### EXERCISE REQUIREMENTS
Repeat the data in full and exactly. Leave the pictures out.

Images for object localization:
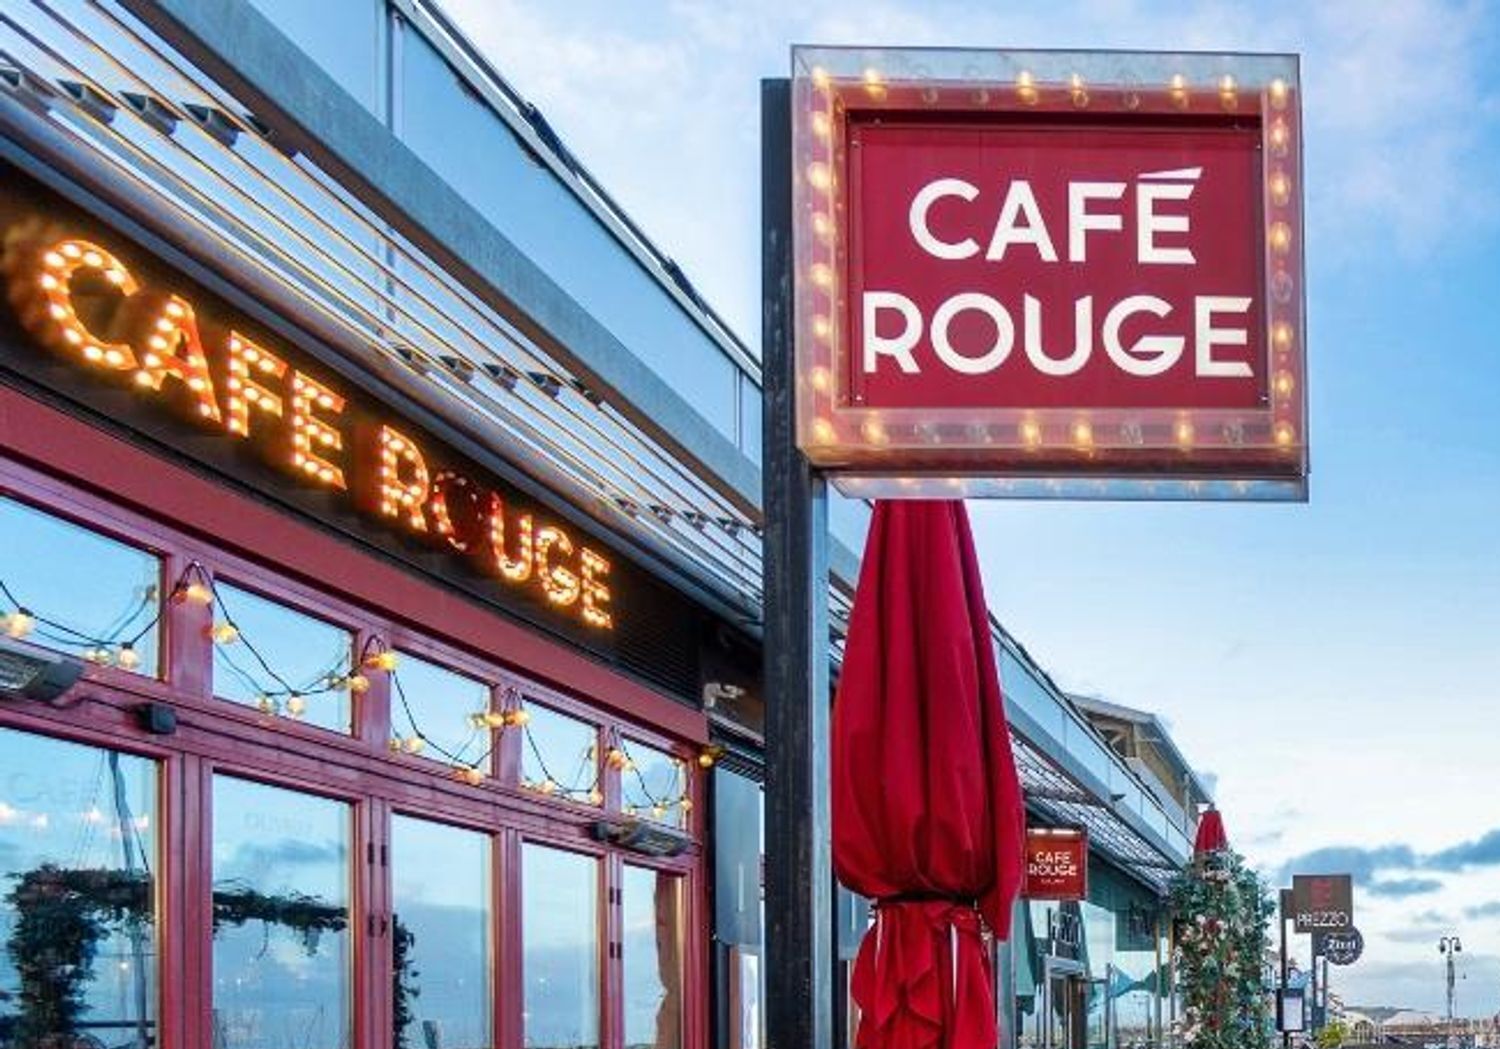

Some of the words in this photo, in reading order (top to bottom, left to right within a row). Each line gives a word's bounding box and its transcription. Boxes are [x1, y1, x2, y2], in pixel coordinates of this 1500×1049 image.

[908, 165, 1204, 265] CAFÉ
[862, 291, 1255, 378] ROUGE
[39, 239, 347, 491] CAFE
[379, 423, 614, 630] ROUGE
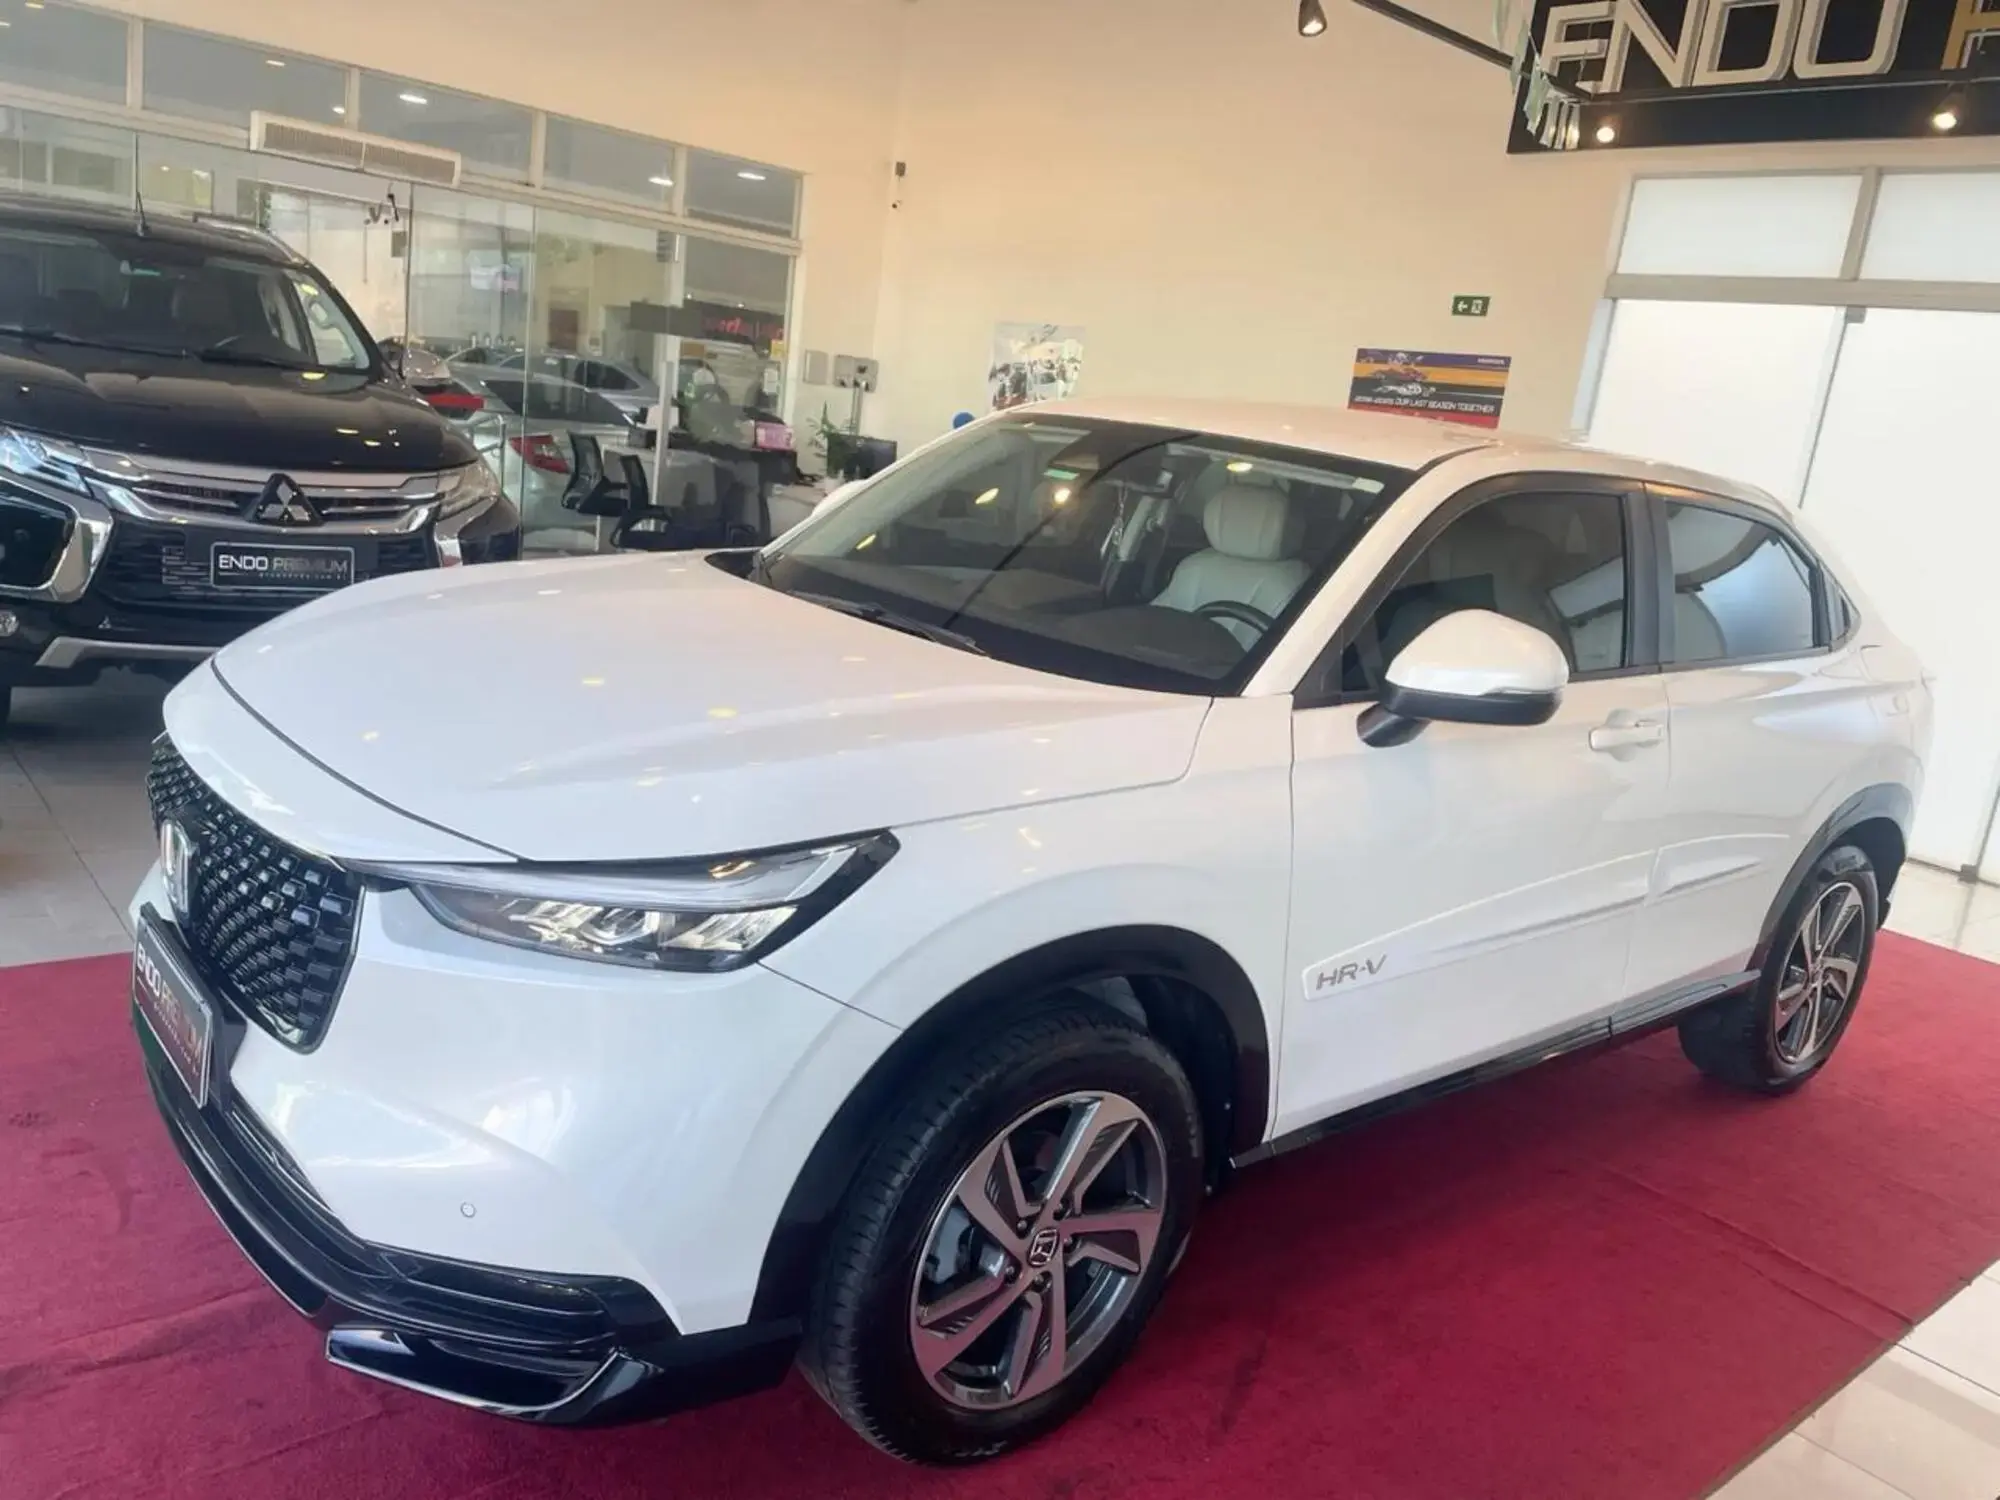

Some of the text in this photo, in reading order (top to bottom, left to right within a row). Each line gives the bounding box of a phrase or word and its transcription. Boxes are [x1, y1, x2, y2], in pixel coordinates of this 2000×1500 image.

[218, 554, 348, 573] ENDO PREMIUM
[1316, 953, 1387, 991] HR-V

### TASK SOLUTION
Some of the words in this photo, in reading order (top to bottom, left to right within a row). Each line gives a word's bounding box and its transcription. Boxes are [x1, y1, x2, y2], in pixel coordinates of this 1500×1049 image.

[908, 165, 1204, 265] CAFÉ
[862, 291, 1255, 378] ROUGE
[39, 239, 347, 491] CAFE
[379, 423, 614, 630] ROUGE

Some of the text in this photo, in reading order (top to bottom, left to right within a row). Each line gives the bounding box of a phrase or word and its transcription. Boxes are [x1, y1, x2, y2], in pixel coordinates of this 2000×1500 image.

[218, 554, 348, 573] ENDO PREMIUM
[1316, 953, 1387, 991] HR-V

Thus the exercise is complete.